I can get you a picture tomorrow once I’m in the lab. As it stands, we’re using two pistons. We’re trying to shoot from the outer works but I wouldn’t be opposed to shooting from the alignment line. How would ‘the right’ solenoids play a part here? We’re presently using these solenoids.

To move a pneumatic cylinder quickly, you need to get rid of as many things that slow down the flow of air as possible. Pneumatic tubing, the primary regulator, and the solenoids all restrict air flow to some degree. If you can optimize each of those to flow more air, then you can make you’re catapult cylinders fill faster and deliver more energy to the ball.

I’ve posted about this before (see this post), but the general idea is to minimize the obstructions that the air has to go through on its way from the storage tank to the cylinder. Use short lengths of tubing, get high flow solenoids, and put an air tank right before the solenoid so that it doesn’t have to go through the main regulator.

The solenoid you’re using has a Cv (basically, how much volume can flow through it in a minute) of 0.22. McMaster has a solenoid that we like with a posted flow constant of 0.75. The solenoid might not be what’s restricting you, though.
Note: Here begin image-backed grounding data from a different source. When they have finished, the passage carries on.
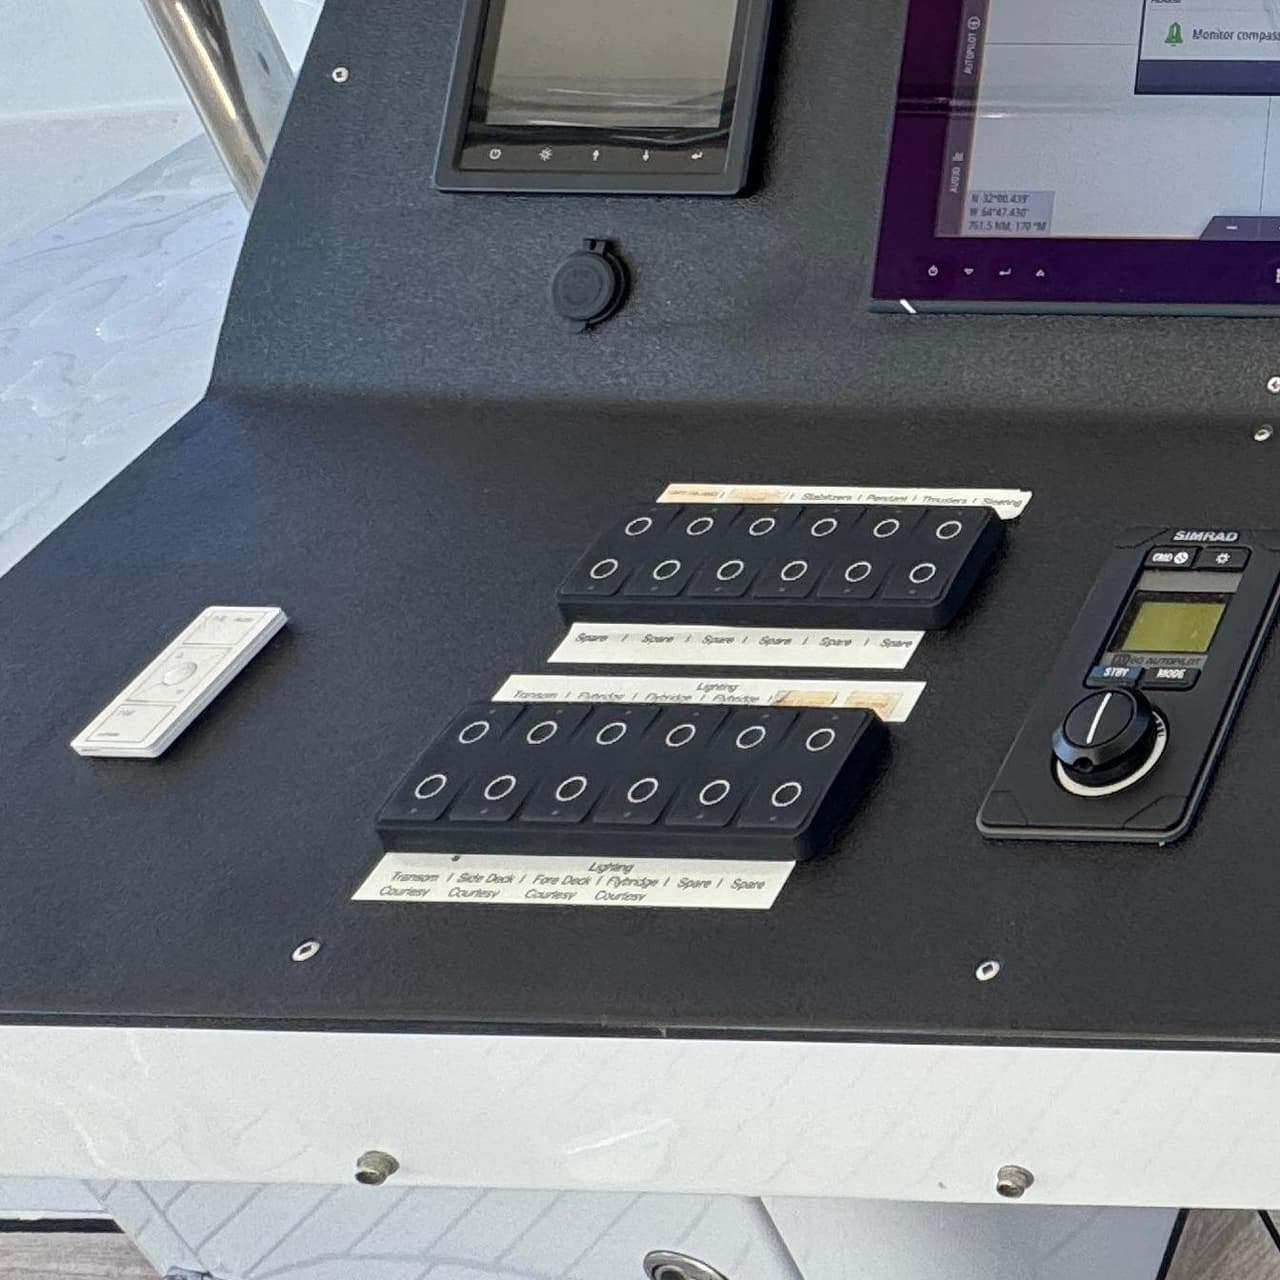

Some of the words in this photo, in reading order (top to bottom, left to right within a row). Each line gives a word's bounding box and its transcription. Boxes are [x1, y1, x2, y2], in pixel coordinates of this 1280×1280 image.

[1192, 28, 1234, 41] Monitor
[1172, 530, 1239, 542] SIMRAD
[574, 632, 608, 642] Spare
[640, 633, 674, 644] Spare
[701, 635, 735, 645] Spare
[758, 636, 792, 646] Spare
[818, 637, 852, 647] Spare
[879, 638, 913, 648] Spare
[696, 682, 739, 693] Lighting
[588, 861, 634, 875] Lighting
[485, 873, 513, 884] Deck
[561, 875, 591, 886] Deck
[606, 876, 659, 889] Flybridge
[677, 877, 712, 890] Spare
[730, 878, 766, 891] Spare
[379, 885, 431, 898] Courtesy
[448, 886, 500, 899] Courtesy
[524, 888, 578, 900] Courtesy
[594, 890, 647, 902] Courtesy
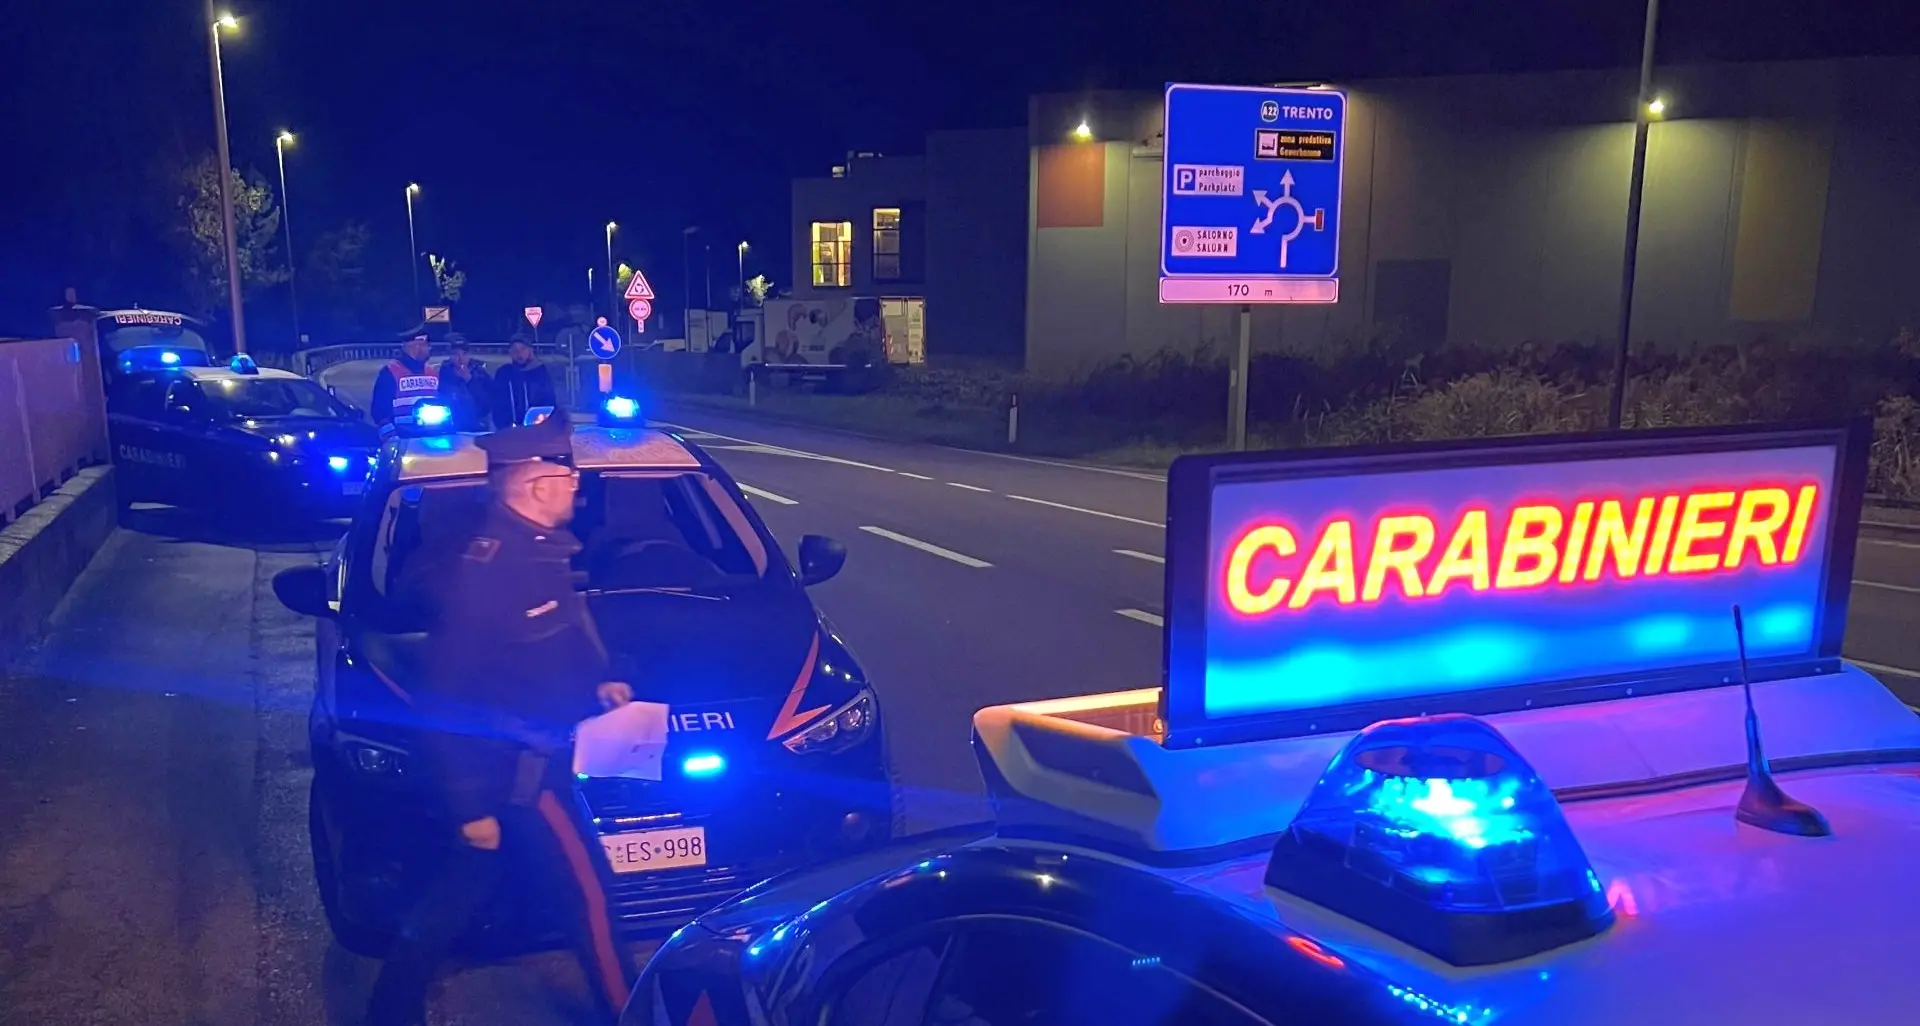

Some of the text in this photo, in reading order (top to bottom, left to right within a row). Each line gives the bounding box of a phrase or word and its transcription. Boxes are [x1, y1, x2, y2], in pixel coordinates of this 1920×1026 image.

[1262, 105, 1333, 120] A22 TRENTO
[1199, 168, 1240, 178] parcheggio
[1180, 170, 1193, 189] P
[1199, 182, 1236, 193] Parkplatz
[1197, 230, 1234, 240] SALORNO
[1196, 243, 1228, 252] SALURN
[1228, 284, 1249, 296] 170
[1225, 484, 1818, 616] CARABINIERI
[666, 711, 735, 733] IERI
It might be the tubing and the regulator that’s taking away most of your flow.

We did a few tests with prototypes using our maxed out flow setup and found that we were just reaching the high goal from the outerworks with two 1.0625" bore 6" stroke cylinders. Smaller volume cylinders weren’t quite making it. I suspect that you might need more volume in your cylinders than you’re currently using to put enough energy into the ball.

When we were testing a piston launcher we had the same issue and to fix it we only plugged one side into the solenoid and left the other side of the piston open.
Edit: We retracted it with rubber bands

I’m not sure about the rules on having only one side connected so I would double check that.
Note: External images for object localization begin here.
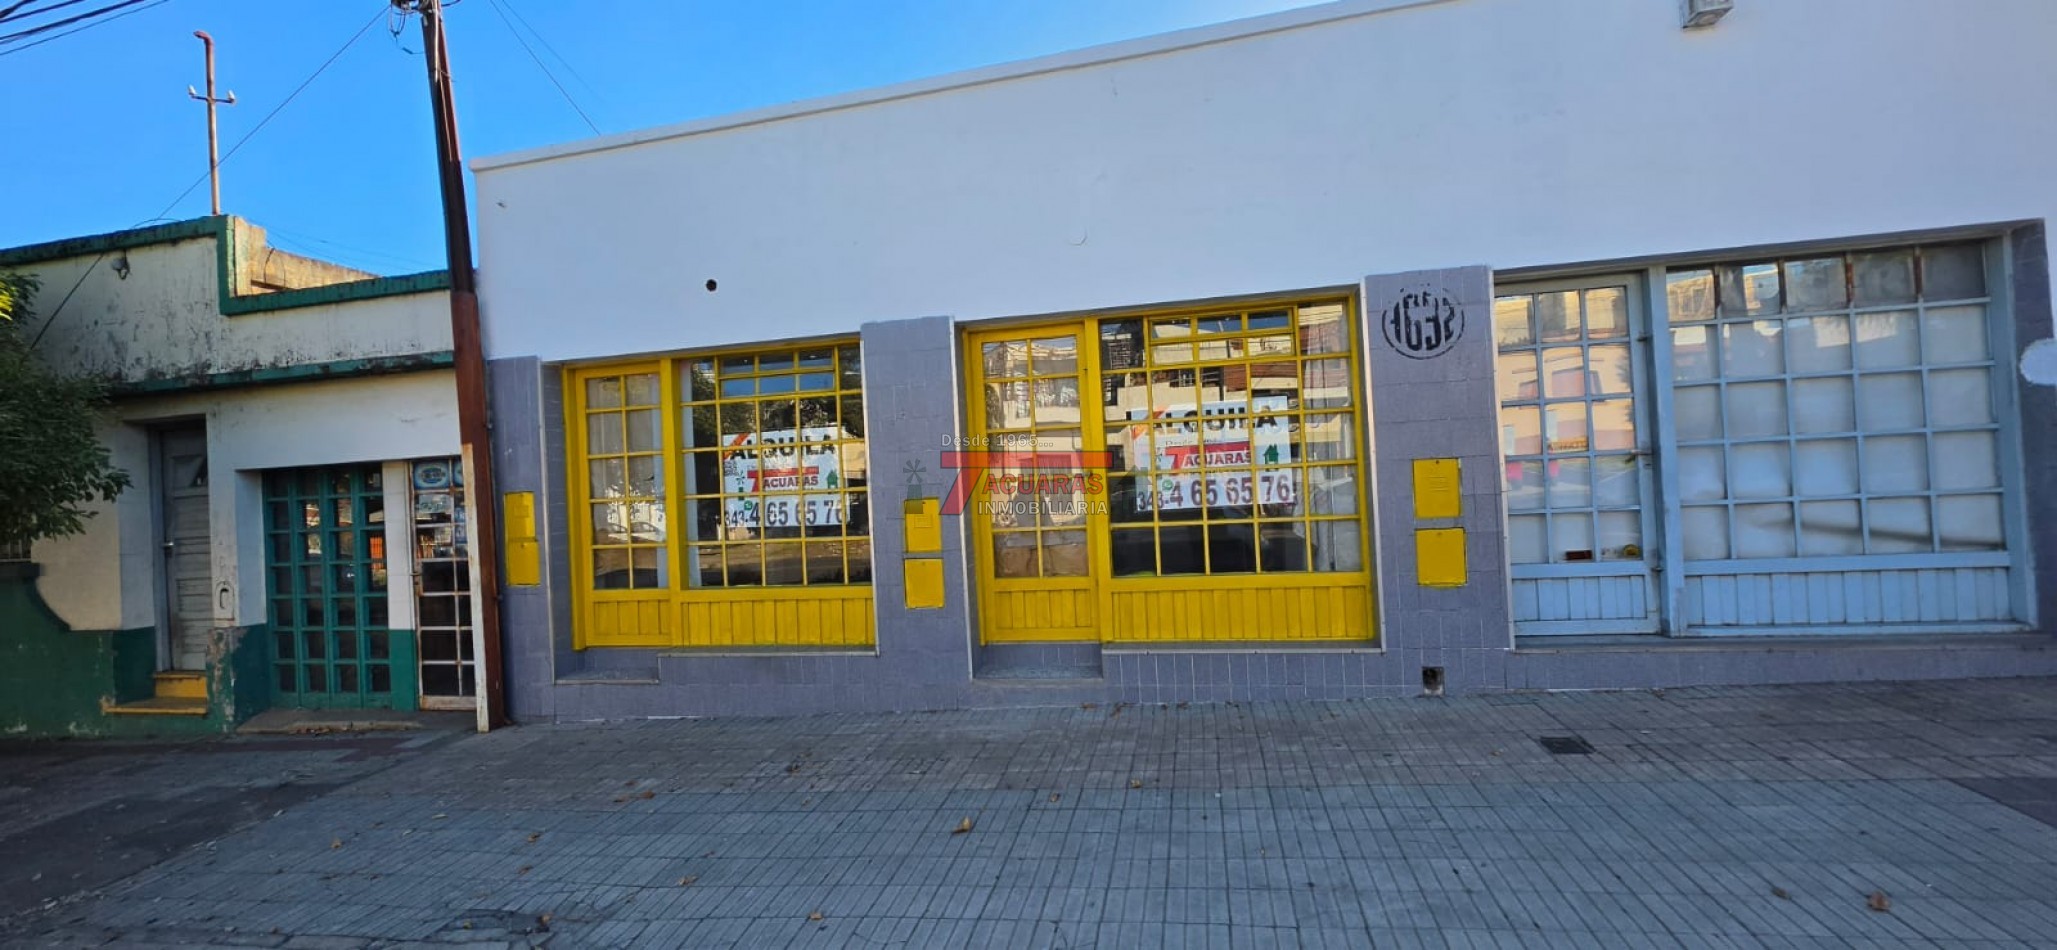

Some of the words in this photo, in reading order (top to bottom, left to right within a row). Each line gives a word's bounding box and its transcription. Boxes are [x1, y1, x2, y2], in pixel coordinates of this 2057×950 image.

[729, 434, 835, 460] ALQULA
[1191, 479, 1218, 506] 65
[1226, 477, 1253, 504] 65
[1261, 474, 1290, 503] 76
[767, 502, 789, 526] 65
Also we were using the higher flow rate solenoids mentioned above. And I think we were shooting from 3 feet off the ground and at the outerworks.

You want the arm down position to have the direction of extension be pointed at the axle that the arm rotates about. You can then pre-charge the cylinder with out it moving. Then use a cam to break the linkage out of a straight line and it will extend rapidly gaining speed as the leverage on the arm increases.
It would be best if the piston wasn’t all the way in when the arm is down. Hopefully geometry of the existing robot will favor you.

I’ll try moving an air tank tomorrow and messing with some geometry. If that doesn’t work, we’ll order some larger pistons. Could you link me to the solenoid you’re referring to?

Sorry, what do you mean by a cam?

Something like this
http://www.robives.com/sites/default/files/cam01.jpg
I’ve tended to think that something shape like this gives the most amount of force to start the system moving.

Team 1108 has been doing pneumatic catapults for years with some winning designs.

We design so the cylinder isn’t fully retracted so there is a ‘chamber’ in the back half. Something like 4-inches for a 12 inch stroke. We fill the cylinder with any-old slow valve while we’re holding it down with an electro magnet holding a puck of steel on the catapult. Let go of the magnet and it flys!

Here’s the magnet we’re using this year…5.6 watts/ http://www.mcmaster.com/#5698k116/=118b3ox

So I would use the cam to push the piston arm out slightly?

Wow this is neat but I’m not sure how well we’d be able to mount it given our current setup. I will be sure to look into this though. Thank you! Do you have any pictures of how you’ve mounted this on your bot?

I don’t have any straight-on pic available right now, but I think you can see it in this one okay. The cylinders are on the top and the magnet is at the left, under the hoop of the gray PVC catapult. And yes, just PVC pipe has worked great for us. Least expensive material in the world, but the flex it has actually makes longer shots than an aluminum catapult.